[Stored records]
# # # # #

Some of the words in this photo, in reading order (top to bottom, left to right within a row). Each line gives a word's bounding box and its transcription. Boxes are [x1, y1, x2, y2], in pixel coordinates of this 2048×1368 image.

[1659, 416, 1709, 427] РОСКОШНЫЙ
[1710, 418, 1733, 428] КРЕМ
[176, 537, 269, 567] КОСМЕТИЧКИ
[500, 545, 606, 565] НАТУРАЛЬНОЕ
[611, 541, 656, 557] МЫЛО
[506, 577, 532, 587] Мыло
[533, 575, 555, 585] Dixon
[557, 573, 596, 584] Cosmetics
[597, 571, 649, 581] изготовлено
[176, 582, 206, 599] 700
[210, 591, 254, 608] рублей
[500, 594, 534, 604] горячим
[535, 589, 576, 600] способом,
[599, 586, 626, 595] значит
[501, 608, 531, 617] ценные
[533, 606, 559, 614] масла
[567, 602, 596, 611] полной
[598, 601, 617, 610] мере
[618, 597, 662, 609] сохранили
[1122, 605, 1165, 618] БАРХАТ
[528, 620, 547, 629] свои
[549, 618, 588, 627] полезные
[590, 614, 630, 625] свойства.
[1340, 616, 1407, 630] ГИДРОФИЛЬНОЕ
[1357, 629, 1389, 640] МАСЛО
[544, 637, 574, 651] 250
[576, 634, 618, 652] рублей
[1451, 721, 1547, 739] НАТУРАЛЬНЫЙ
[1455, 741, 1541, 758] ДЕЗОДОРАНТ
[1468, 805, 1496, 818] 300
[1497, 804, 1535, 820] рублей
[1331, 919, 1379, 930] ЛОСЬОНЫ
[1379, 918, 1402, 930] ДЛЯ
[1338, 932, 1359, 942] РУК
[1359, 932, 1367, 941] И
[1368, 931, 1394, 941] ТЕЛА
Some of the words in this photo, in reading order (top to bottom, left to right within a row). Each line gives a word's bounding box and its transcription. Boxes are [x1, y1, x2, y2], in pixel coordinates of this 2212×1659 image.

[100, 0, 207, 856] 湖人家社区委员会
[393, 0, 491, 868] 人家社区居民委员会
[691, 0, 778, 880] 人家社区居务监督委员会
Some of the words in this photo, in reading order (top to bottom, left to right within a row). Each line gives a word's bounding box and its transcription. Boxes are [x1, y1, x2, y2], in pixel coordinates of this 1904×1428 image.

# # # # #

* **Your assignment**
All of the entries above need to be output again exactly.

* **Output of the exercise**
Some of the words in this photo, in reading order (top to bottom, left to right within a row). Each line gives a word's bounding box and its transcription. Boxes are [x1, y1, x2, y2], in pixel coordinates of this 2048×1368 image.

[1659, 416, 1709, 427] РОСКОШНЫЙ
[1710, 418, 1733, 428] КРЕМ
[176, 537, 269, 567] КОСМЕТИЧКИ
[500, 545, 606, 565] НАТУРАЛЬНОЕ
[611, 541, 656, 557] МЫЛО
[506, 577, 532, 587] Мыло
[533, 575, 555, 585] Dixon
[557, 573, 596, 584] Cosmetics
[597, 571, 649, 581] изготовлено
[176, 582, 206, 599] 700
[210, 591, 254, 608] рублей
[500, 594, 534, 604] горячим
[535, 589, 576, 600] способом,
[599, 586, 626, 595] значит
[501, 608, 531, 617] ценные
[533, 606, 559, 614] масла
[567, 602, 596, 611] полной
[598, 601, 617, 610] мере
[618, 597, 662, 609] сохранили
[1122, 605, 1165, 618] БАРХАТ
[528, 620, 547, 629] свои
[549, 618, 588, 627] полезные
[590, 614, 630, 625] свойства.
[1340, 616, 1407, 630] ГИДРОФИЛЬНОЕ
[1357, 629, 1389, 640] МАСЛО
[544, 637, 574, 651] 250
[576, 634, 618, 652] рублей
[1451, 721, 1547, 739] НАТУРАЛЬНЫЙ
[1455, 741, 1541, 758] ДЕЗОДОРАНТ
[1468, 805, 1496, 818] 300
[1497, 804, 1535, 820] рублей
[1331, 919, 1379, 930] ЛОСЬОНЫ
[1379, 918, 1402, 930] ДЛЯ
[1338, 932, 1359, 942] РУК
[1359, 932, 1367, 941] И
[1368, 931, 1394, 941] ТЕЛА
Some of the words in this photo, in reading order (top to bottom, left to right within a row). Each line gives a word's bounding box and its transcription. Boxes are [x1, y1, x2, y2], in pixel coordinates of this 2212×1659 image.

[100, 0, 207, 856] 湖人家社区委员会
[393, 0, 491, 868] 人家社区居民委员会
[691, 0, 778, 880] 人家社区居务监督委员会
Some of the words in this photo, in reading order (top to bottom, left to right within a row). Each line gives a word's bounding box and its transcription. Boxes are [x1, y1, x2, y2], in pixel coordinates of this 1904×1428 image.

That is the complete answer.